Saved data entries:
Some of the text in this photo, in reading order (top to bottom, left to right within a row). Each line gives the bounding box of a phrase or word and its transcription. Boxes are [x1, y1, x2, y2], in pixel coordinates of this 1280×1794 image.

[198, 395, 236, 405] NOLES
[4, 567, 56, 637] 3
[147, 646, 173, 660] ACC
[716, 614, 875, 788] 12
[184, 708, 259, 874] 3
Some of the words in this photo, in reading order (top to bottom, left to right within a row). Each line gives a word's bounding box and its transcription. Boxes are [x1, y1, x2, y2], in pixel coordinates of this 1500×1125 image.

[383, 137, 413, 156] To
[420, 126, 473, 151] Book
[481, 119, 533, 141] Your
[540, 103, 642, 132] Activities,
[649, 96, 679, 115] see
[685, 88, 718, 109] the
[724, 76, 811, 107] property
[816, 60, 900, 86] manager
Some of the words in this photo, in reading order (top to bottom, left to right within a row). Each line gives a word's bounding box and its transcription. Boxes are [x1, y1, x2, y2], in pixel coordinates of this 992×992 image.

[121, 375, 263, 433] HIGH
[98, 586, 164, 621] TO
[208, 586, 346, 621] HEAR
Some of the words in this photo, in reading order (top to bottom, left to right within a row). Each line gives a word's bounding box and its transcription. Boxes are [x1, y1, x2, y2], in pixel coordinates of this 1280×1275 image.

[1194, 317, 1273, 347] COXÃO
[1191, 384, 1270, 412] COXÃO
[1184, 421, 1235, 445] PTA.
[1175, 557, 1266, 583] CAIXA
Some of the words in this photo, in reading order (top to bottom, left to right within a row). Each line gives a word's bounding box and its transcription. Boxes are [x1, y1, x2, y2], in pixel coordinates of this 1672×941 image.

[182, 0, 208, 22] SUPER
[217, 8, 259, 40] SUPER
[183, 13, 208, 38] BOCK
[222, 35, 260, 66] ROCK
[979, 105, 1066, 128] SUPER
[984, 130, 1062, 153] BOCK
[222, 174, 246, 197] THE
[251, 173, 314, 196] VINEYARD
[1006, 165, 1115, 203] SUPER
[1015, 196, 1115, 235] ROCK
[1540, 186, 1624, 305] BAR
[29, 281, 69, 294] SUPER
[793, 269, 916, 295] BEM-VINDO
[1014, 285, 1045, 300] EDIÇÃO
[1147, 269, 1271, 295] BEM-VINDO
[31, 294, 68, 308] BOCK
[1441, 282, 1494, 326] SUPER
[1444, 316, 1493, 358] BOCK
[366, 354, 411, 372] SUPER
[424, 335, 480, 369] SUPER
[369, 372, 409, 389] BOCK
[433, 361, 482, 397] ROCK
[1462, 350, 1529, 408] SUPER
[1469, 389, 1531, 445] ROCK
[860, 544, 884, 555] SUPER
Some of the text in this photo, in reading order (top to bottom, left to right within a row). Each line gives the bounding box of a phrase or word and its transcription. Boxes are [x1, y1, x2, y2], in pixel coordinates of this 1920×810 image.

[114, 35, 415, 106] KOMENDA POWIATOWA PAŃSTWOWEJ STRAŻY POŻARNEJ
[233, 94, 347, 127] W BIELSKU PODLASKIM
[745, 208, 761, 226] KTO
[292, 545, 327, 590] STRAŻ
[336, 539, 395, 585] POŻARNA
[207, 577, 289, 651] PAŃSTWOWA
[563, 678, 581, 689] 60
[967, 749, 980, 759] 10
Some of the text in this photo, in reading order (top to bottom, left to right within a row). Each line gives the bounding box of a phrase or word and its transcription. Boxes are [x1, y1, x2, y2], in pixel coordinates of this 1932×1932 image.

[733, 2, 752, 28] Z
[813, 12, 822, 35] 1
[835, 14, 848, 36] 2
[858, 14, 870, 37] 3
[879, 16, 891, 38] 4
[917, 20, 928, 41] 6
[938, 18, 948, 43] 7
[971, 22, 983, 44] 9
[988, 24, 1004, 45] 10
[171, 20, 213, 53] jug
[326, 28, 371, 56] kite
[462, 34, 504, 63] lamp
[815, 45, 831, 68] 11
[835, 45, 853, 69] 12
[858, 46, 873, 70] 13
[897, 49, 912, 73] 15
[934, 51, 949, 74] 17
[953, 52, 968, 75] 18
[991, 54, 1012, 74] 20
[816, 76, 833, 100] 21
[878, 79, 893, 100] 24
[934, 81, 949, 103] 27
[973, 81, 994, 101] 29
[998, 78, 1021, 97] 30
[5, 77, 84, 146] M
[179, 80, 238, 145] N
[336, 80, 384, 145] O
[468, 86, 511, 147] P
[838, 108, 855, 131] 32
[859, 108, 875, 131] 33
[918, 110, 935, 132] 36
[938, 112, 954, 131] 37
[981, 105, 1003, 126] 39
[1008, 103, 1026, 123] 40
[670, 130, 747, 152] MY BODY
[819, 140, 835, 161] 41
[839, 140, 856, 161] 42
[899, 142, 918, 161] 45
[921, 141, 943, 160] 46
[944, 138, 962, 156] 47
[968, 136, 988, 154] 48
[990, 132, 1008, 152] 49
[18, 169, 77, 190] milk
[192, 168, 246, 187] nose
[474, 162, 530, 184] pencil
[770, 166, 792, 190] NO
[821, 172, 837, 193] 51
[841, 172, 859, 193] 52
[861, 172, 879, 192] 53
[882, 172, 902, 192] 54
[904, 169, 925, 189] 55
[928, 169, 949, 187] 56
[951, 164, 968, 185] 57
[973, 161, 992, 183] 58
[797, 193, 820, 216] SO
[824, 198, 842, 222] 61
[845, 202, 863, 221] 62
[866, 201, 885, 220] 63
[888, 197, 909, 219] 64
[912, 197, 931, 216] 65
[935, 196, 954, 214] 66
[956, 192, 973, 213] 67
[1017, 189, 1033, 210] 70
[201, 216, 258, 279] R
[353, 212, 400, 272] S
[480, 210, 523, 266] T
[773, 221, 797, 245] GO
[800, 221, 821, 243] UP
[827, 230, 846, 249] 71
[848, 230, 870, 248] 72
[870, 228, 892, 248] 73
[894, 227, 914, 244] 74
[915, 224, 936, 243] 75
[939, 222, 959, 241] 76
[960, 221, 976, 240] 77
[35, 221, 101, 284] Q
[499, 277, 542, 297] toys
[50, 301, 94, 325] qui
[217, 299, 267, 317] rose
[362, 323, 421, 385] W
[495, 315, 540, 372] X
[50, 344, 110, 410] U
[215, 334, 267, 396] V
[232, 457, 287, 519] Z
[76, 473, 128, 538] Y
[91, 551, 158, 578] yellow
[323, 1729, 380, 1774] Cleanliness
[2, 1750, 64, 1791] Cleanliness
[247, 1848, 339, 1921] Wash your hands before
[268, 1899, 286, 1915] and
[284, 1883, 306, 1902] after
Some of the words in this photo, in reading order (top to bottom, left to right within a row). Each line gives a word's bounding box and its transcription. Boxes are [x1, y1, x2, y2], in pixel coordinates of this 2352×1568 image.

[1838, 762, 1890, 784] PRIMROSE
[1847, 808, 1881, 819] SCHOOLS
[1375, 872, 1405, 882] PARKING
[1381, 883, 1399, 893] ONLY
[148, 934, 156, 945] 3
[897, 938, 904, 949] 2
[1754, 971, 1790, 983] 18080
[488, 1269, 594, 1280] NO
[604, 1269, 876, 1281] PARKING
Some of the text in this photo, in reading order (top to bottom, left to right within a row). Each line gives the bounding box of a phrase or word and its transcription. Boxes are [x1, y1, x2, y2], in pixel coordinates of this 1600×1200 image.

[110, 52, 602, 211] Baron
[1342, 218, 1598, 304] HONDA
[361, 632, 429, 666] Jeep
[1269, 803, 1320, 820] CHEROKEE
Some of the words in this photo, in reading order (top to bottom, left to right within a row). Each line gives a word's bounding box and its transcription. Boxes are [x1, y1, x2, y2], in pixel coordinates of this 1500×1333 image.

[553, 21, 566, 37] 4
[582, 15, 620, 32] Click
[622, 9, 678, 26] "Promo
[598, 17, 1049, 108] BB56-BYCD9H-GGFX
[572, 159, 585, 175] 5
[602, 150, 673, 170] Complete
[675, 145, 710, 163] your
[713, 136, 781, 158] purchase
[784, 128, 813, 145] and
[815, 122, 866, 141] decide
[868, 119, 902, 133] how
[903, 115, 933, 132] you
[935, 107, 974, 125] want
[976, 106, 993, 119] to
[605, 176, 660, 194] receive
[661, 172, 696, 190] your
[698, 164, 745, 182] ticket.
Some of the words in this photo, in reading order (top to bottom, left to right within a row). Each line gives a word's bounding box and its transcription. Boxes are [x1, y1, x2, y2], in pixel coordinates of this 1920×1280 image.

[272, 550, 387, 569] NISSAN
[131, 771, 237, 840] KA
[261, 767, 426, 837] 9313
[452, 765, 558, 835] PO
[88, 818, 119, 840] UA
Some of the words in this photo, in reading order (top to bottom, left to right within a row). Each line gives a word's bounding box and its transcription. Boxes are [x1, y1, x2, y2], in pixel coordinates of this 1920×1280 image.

— WHAT THE TASK REQUIRES —
With the line that contains "this 2352×1568 image." as the start, output every line through the end of the entries exactly. Add no other lines.

— ANSWER BOX —
Some of the words in this photo, in reading order (top to bottom, left to right within a row). Each line gives a word's bounding box and its transcription. Boxes are [x1, y1, x2, y2], in pixel coordinates of this 2352×1568 image.

[1838, 762, 1890, 784] PRIMROSE
[1847, 808, 1881, 819] SCHOOLS
[1375, 872, 1405, 882] PARKING
[1381, 883, 1399, 893] ONLY
[148, 934, 156, 945] 3
[897, 938, 904, 949] 2
[1754, 971, 1790, 983] 18080
[488, 1269, 594, 1280] NO
[604, 1269, 876, 1281] PARKING
Some of the text in this photo, in reading order (top to bottom, left to right within a row). Each line gives the bounding box of a phrase or word and its transcription. Boxes are [x1, y1, x2, y2], in pixel coordinates of this 1600×1200 image.

[110, 52, 602, 211] Baron
[1342, 218, 1598, 304] HONDA
[361, 632, 429, 666] Jeep
[1269, 803, 1320, 820] CHEROKEE
Some of the words in this photo, in reading order (top to bottom, left to right within a row). Each line gives a word's bounding box and its transcription. Boxes are [x1, y1, x2, y2], in pixel coordinates of this 1500×1333 image.

[553, 21, 566, 37] 4
[582, 15, 620, 32] Click
[622, 9, 678, 26] "Promo
[598, 17, 1049, 108] BB56-BYCD9H-GGFX
[572, 159, 585, 175] 5
[602, 150, 673, 170] Complete
[675, 145, 710, 163] your
[713, 136, 781, 158] purchase
[784, 128, 813, 145] and
[815, 122, 866, 141] decide
[868, 119, 902, 133] how
[903, 115, 933, 132] you
[935, 107, 974, 125] want
[976, 106, 993, 119] to
[605, 176, 660, 194] receive
[661, 172, 696, 190] your
[698, 164, 745, 182] ticket.
Some of the words in this photo, in reading order (top to bottom, left to right within a row). Each line gives a word's bounding box and its transcription. Boxes are [x1, y1, x2, y2], in pixel coordinates of this 1920×1280 image.

[272, 550, 387, 569] NISSAN
[131, 771, 237, 840] KA
[261, 767, 426, 837] 9313
[452, 765, 558, 835] PO
[88, 818, 119, 840] UA
Some of the words in this photo, in reading order (top to bottom, left to right within a row). Each line gives a word's bounding box and its transcription. Boxes are [x1, y1, x2, y2], in pixel coordinates of this 1920×1280 image.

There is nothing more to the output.